**Supplied records:**
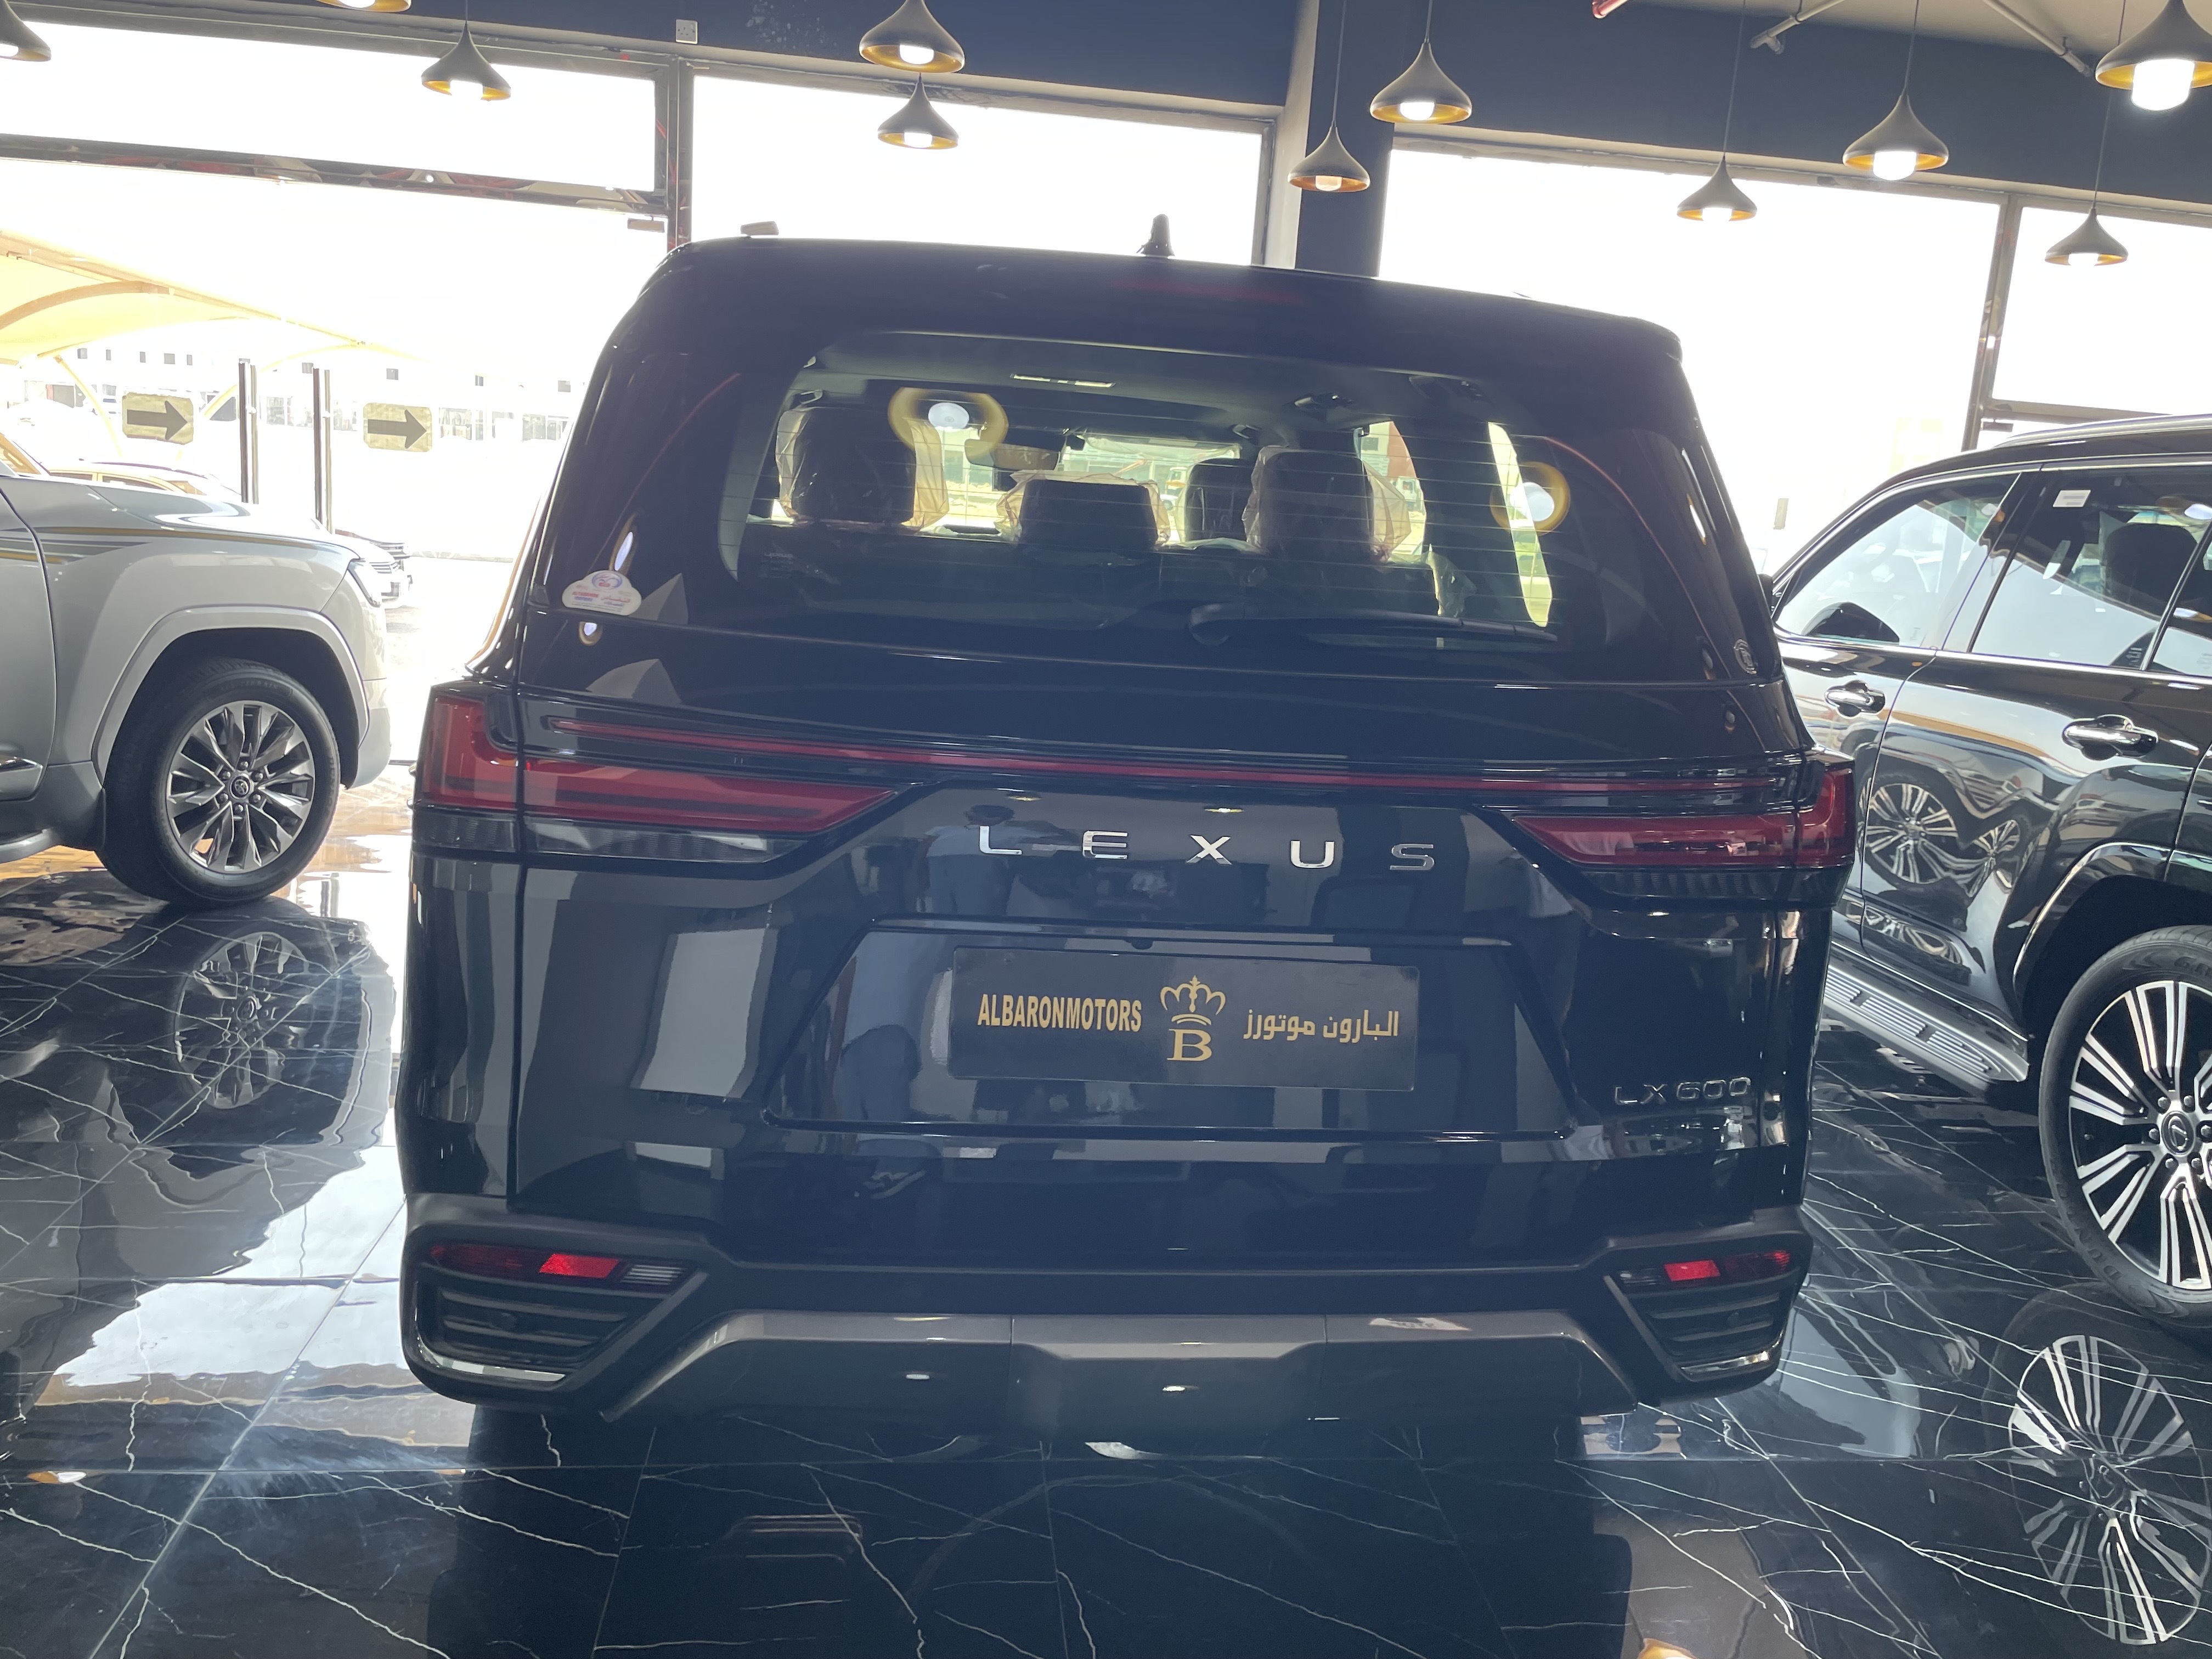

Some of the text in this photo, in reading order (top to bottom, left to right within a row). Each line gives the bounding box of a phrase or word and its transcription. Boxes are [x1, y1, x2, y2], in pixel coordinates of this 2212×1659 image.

[979, 825, 1435, 871] LEXUS
[977, 994, 1142, 1032] ALBARONMOTORS
[1243, 1009, 1399, 1043] البارون موتورز
[1167, 1028, 1212, 1062] B

**Directions for this task:**
Hand back the data exactly as it appears, with all pictures cut.

**Finished task:**
Some of the text in this photo, in reading order (top to bottom, left to right within a row). Each line gives the bounding box of a phrase or word and its transcription. Boxes are [x1, y1, x2, y2], in pixel coordinates of this 2212×1659 image.

[979, 825, 1435, 871] LEXUS
[977, 994, 1142, 1032] ALBARONMOTORS
[1243, 1009, 1399, 1043] البارون موتورز
[1167, 1028, 1212, 1062] B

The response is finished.